4 de dez de 2012

Após ataque de madeireiros, Ibama reforça segurança no Pará


O Ibama enviou mais agentes para a frente da operação “Soberania Nacional” na região de Dom Eliseu, no sudeste do Pará, onde grupos de madeireiros ilegais realizaram neste final de semana ações violentas contra servidores do instituto.

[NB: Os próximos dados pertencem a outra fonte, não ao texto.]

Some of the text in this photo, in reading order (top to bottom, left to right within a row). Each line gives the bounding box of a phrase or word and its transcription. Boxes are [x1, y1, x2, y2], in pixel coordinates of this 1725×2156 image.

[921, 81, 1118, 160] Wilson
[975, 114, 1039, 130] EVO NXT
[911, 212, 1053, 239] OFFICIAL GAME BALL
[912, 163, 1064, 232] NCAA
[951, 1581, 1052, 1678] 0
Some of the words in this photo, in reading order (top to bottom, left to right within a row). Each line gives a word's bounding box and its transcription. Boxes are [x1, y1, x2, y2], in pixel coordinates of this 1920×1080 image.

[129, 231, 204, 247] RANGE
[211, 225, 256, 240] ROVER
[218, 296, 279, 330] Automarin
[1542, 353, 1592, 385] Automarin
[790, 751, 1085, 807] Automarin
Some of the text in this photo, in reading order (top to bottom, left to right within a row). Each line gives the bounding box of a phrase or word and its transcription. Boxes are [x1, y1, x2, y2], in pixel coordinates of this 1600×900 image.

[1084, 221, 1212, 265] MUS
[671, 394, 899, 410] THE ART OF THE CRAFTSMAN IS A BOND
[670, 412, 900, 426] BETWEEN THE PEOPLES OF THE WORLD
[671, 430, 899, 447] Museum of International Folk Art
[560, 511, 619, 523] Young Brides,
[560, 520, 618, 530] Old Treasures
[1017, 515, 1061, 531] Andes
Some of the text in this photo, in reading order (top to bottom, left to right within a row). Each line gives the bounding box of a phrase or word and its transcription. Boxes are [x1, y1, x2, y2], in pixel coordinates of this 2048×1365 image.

Segundo o Ibama, o primeiro grupo de reforço, com fiscais e homens da Polícia Militar do Pará, chegou ao município na madrugada desta segunda-feira (3). Eles foram deslocados de Marabá, distante cerca de 230 km, onde fiscalizavam carvoarias na operação “Saldo Negro”. "O Ibama manterá sua presença na região e promoverá ações ainda mais duras para combater essas práticas criminosas", disse o chefe da Fiscalização do órgão no Pará, Paulo Maués.

Segundo dados do instituto, apenas com a operação Soberania Nacional, iniciada em setembro, o instituto aplicou R$ 44 milhões em multas e embargou sete mil hectares de florestas irregularmente desflorestadas nestes municípios. "Estamos pressionando quem produz de forma ilegal para fora do mercado e, por isso, a reação desesperada", explica Maués. Segundo ele, uma grande operação já está em planejamento para desarticular o setor madeireiro que se envolveu nos ataques contra o Ibama.

Ameaças em Dom Eliseu

Os conflitos começaram na manhã de sábado (1º). Dois caminhões apreendidos pelo Ibama com madeira ilegal foram retidos por cerca de trinta homens, próximo à ponte sobre o rio Bananal, em Dom Eliseu. Segundo o Ibama, o grupo armado não permitiu a saída dos fiscais por cerca de três horas.

Ainda de acordo com o instituto, os líderes da emboscada foram os mesmos que, no domingo (2), organizaram uma manifestação violenta no centro do município. No protesto, incendiaram pneus e ameaçaram por fogo no hotel onde se hospedavam os agentes federais. Os madeireiros queriam que o Ibama se retirasse da região.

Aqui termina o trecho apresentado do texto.